It’s Not My Blog

Recently, I took time off from blogging. Life had gotten loud, and I’d lost my way. I forgot one of the cardinal rules of blogging: it’s not about me. It’s about you–the readers.

What do I mean?

Here are three things I learned during my time away:

1) “It’s not my blog.” Sure, my name is on it, and I produce the content, but if it’s going to have any appreciable readership it can’t be all about me. You have to see yourself in the mirror I’m holding up to you.

2) “No dirty laundry” I learned the hard way that a blog is not the place to air one’s dirty laundry. Yes, it can be a place to get personal–to be real–but not at the expense of common sense and discretion. There are some things that need to be kept sacred. A blog, as tempting as it might be, is not a place for self-therapy (that is what a journal is for). A little self-deprecation goes a long way, but mockery never wins the day.

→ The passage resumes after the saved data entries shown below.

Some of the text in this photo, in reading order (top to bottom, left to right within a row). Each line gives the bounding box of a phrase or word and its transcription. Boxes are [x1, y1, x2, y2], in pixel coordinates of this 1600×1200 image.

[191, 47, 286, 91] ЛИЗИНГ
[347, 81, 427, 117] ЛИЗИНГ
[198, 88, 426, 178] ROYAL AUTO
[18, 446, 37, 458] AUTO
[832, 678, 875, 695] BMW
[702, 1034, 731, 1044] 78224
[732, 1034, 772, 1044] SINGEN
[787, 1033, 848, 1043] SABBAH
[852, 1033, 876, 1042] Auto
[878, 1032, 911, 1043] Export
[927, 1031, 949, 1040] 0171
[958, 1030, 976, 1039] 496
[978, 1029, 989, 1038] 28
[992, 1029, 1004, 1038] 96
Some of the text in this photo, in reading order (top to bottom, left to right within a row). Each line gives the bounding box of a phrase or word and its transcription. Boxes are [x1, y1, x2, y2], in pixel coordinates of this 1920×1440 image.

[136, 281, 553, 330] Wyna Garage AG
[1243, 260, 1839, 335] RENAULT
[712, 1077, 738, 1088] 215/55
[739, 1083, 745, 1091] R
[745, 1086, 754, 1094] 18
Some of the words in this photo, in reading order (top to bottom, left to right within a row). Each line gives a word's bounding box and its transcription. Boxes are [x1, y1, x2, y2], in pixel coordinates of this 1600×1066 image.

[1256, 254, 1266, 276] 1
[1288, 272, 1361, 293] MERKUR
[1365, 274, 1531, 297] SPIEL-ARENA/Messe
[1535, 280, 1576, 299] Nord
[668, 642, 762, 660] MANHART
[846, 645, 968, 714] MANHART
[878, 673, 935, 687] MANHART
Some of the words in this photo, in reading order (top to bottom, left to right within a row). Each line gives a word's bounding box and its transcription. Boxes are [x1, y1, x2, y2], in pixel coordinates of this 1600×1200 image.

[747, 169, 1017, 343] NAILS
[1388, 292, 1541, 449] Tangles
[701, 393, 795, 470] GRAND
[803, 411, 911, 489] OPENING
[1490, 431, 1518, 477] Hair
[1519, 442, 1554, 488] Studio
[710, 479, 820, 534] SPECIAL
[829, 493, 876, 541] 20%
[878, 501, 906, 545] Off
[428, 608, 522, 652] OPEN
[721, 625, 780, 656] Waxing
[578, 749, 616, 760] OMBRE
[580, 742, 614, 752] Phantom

3) “Be yourself” What this means is: your writing gains resonance via “relatability.” And we can only be relatable when we’re being ourselves. In other words, don’t pander–don’t try to be someone other than you. You couldn’t if you tried–so stop. Besides your audience is quite adept at sniffing out phonies–they know when you’re “selling out.” They know the difference between trying to be viral, versus writing that’s vital.

This is what I’ve learned during my break, and indeed it’s what I plan on applying as I return to posting regularly here.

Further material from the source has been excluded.